→ **Given entries**

____

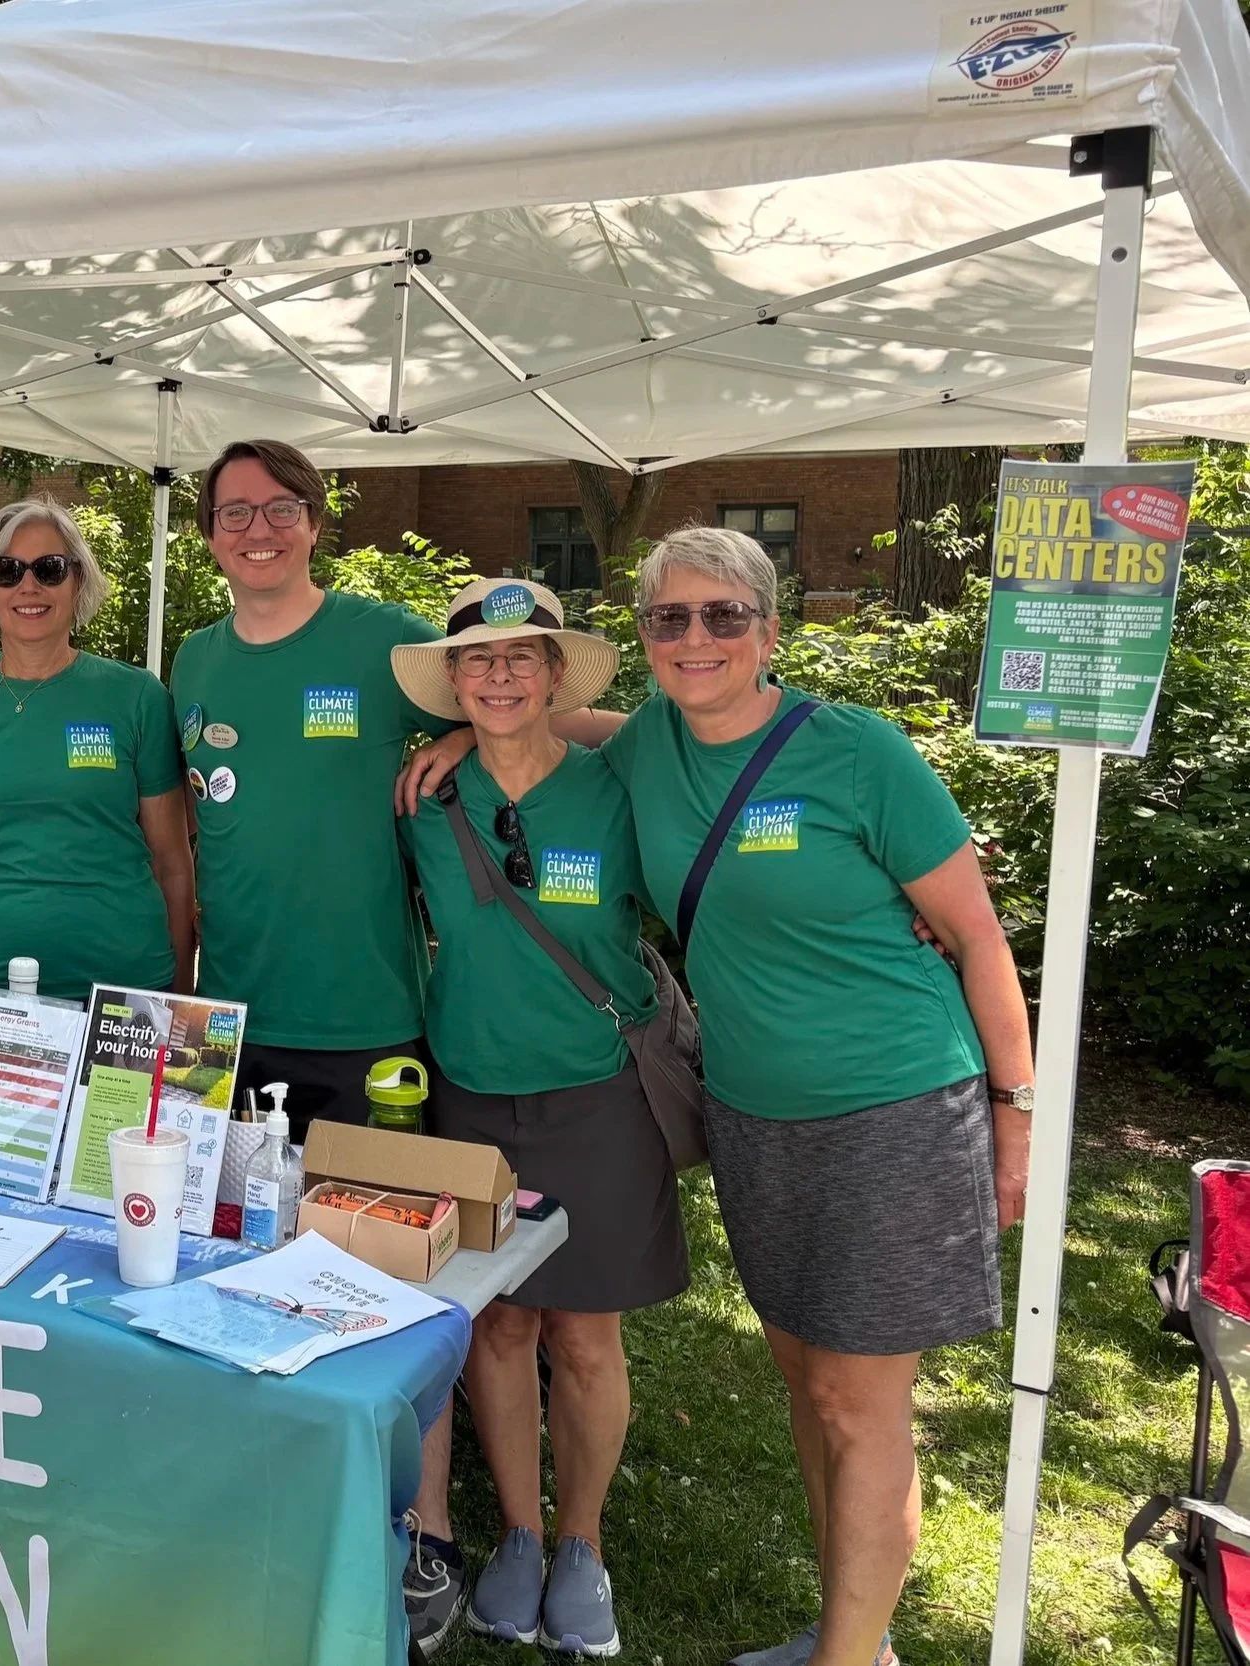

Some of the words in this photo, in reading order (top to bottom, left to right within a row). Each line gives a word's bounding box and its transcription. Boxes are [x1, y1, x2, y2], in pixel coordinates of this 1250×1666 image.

[1000, 10, 1032, 22] INSTANT
[996, 70, 1040, 87] ORIGINAL
[1004, 477, 1030, 493] LET'S
[1033, 478, 1068, 494] TALK
[1000, 495, 1092, 538] DATA
[1118, 508, 1135, 520] OUR
[995, 537, 1167, 584] CENTERS
[491, 593, 526, 608] CLIMATE
[493, 602, 527, 617] ACTION
[309, 698, 353, 710] CLIMATE
[309, 712, 354, 724] ACTION
[70, 733, 111, 744] CLIMATE
[72, 745, 112, 757] ACTION
[749, 807, 767, 815] OAK
[775, 803, 798, 812] PARK
[749, 811, 798, 829] CLIMATE
[745, 821, 793, 840] ACTION
[572, 855, 596, 863] PARK
[546, 860, 595, 876] CLIMATE
[545, 875, 594, 892] ACTION
[545, 890, 594, 899] NETWORK
[16, 1016, 40, 1028] Grants
[211, 1019, 235, 1030] CLIMATE
[99, 1020, 160, 1043] Electrify
[209, 1028, 234, 1038] ACTION
[95, 1039, 128, 1056] your
[308, 1279, 370, 1306] NATIVE
[318, 1270, 389, 1305] CHOOSE

____

→ **How to complete this task**
Make an exact reproduction of the listing above, without any pictures.

→ **Reply to the task**
Some of the words in this photo, in reading order (top to bottom, left to right within a row). Each line gives a word's bounding box and its transcription. Boxes are [x1, y1, x2, y2], in pixel coordinates of this 1250×1666 image.

[1000, 10, 1032, 22] INSTANT
[996, 70, 1040, 87] ORIGINAL
[1004, 477, 1030, 493] LET'S
[1033, 478, 1068, 494] TALK
[1000, 495, 1092, 538] DATA
[1118, 508, 1135, 520] OUR
[995, 537, 1167, 584] CENTERS
[491, 593, 526, 608] CLIMATE
[493, 602, 527, 617] ACTION
[309, 698, 353, 710] CLIMATE
[309, 712, 354, 724] ACTION
[70, 733, 111, 744] CLIMATE
[72, 745, 112, 757] ACTION
[749, 807, 767, 815] OAK
[775, 803, 798, 812] PARK
[749, 811, 798, 829] CLIMATE
[745, 821, 793, 840] ACTION
[572, 855, 596, 863] PARK
[546, 860, 595, 876] CLIMATE
[545, 875, 594, 892] ACTION
[545, 890, 594, 899] NETWORK
[16, 1016, 40, 1028] Grants
[211, 1019, 235, 1030] CLIMATE
[99, 1020, 160, 1043] Electrify
[209, 1028, 234, 1038] ACTION
[95, 1039, 128, 1056] your
[308, 1279, 370, 1306] NATIVE
[318, 1270, 389, 1305] CHOOSE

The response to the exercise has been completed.